So, I finally figured it was time to stop sowing donuts and Cokes and sweets and all my beloved pastas and breads and all, reaping piles of fat and weight gain and health problems, and change my life. My lifestyle. My eating style. Whatever. And I have embraced the low carb lifestyle. Atkins style eating is pretty much what I am doing. I am probably moderating my life somewhere between the induction phase and the OWL (Ongoing Weight Loss) phase, trying to mostly keep my carb count to 20 or less, and I figure if I am overdoing it ever, I am pretty sure of being at 40 or less carbs each day.

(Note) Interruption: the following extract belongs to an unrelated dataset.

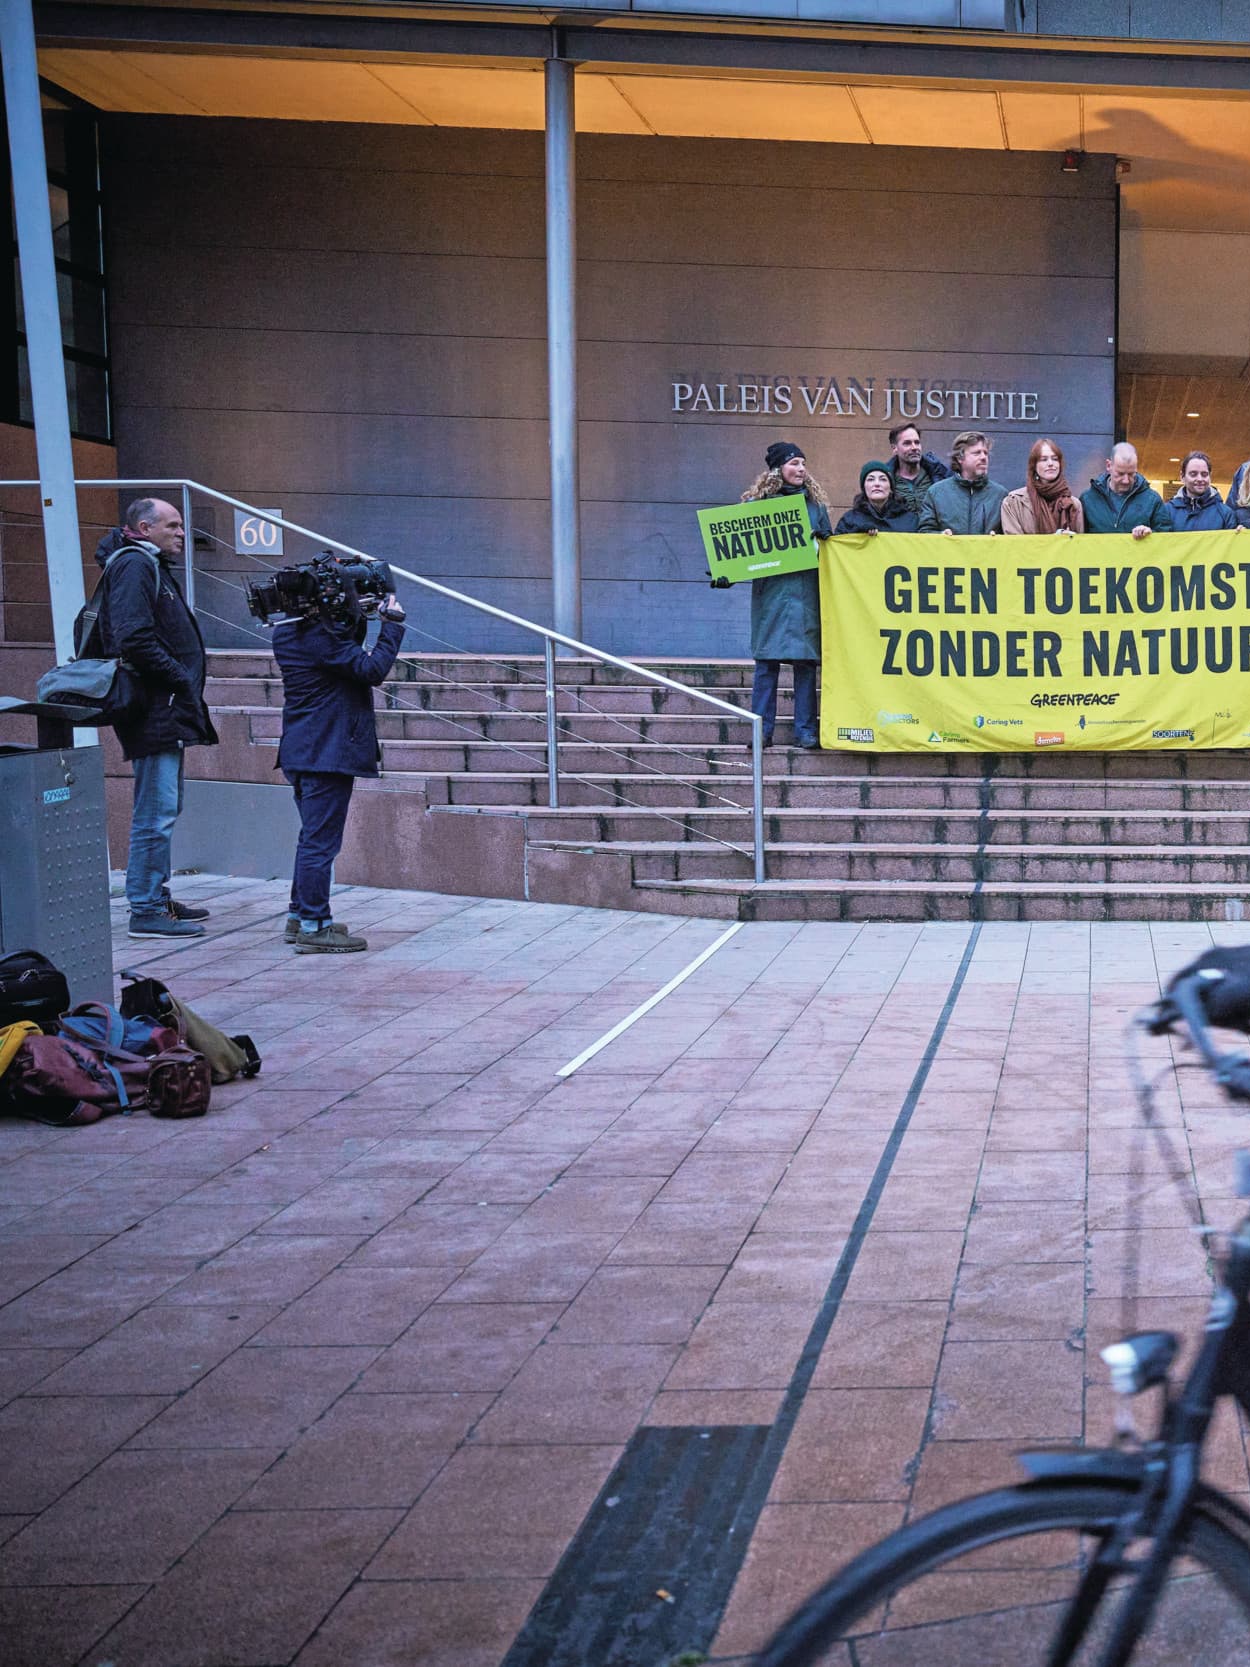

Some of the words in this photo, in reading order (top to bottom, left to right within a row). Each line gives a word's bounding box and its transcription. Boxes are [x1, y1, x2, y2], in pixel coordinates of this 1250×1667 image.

The Atkins Low Carbohydrate Way of Eating

It is pretty simple. Meat (hamburger, beef hot dogs, bacon, ham, turkey, fish, sausage, chicken, etc). Some Cheese (within limits and with moderation). Some nuts (low salt, not peanuts and cashews so much, but almonds, macadamias, etc). Low glycemic veggies (green beans, broccoli, pickles, olives, salads with oil and vinegar, etc) in regular and deliberate inclusion in the daily diet, with moderation. Plus some vitamins and nutrititional supplements.

I have eaten 4500 calories in a day and lost weight. Probably because I am so large this is working for me, but I am full and hardly ever hungry on this diet (Way of Eating) and am steadily losing weight (over 40 lbs down at this point, and working on being 50 lbs down) and I am feeling better each day.

Friends & the Support You Get and Don't Get

It's funny who in your life will support you when you do these things, who believes you are bound to fail (or will reserve comment or support or interest until you get so far into this), and who it is who will mock you and poke fun at you and be basically a big giant negative force in your life.

I have been reading personal stories of interaction with these types of folks online in the TDC (Triple Digits Club) support forum at the forums.lowcarber.ca site lately and have had a couple of personal experiences with real jerky people lately myself. I guess that isn't a unique phenomemon. I guess the premise for these folks is, "make yourself feel good by making someone else feel bad". Wow. What a concept. I suppose we have all done that to others at some time ourselves (or many times, if we were 100% honest with ourselves). Still it pretty much stinks to feel tarred and feathered and mocked and laughed at by others. Some people are fairly cruel and low-life. I still remember the kids who did this kind of thing to me at times when I was young in school. It really sticks with you, for the rest of your life - even if you couldn't care less about the people doing it. It's funny why their opinion should matter to you or why it should affect you, but it does just the same.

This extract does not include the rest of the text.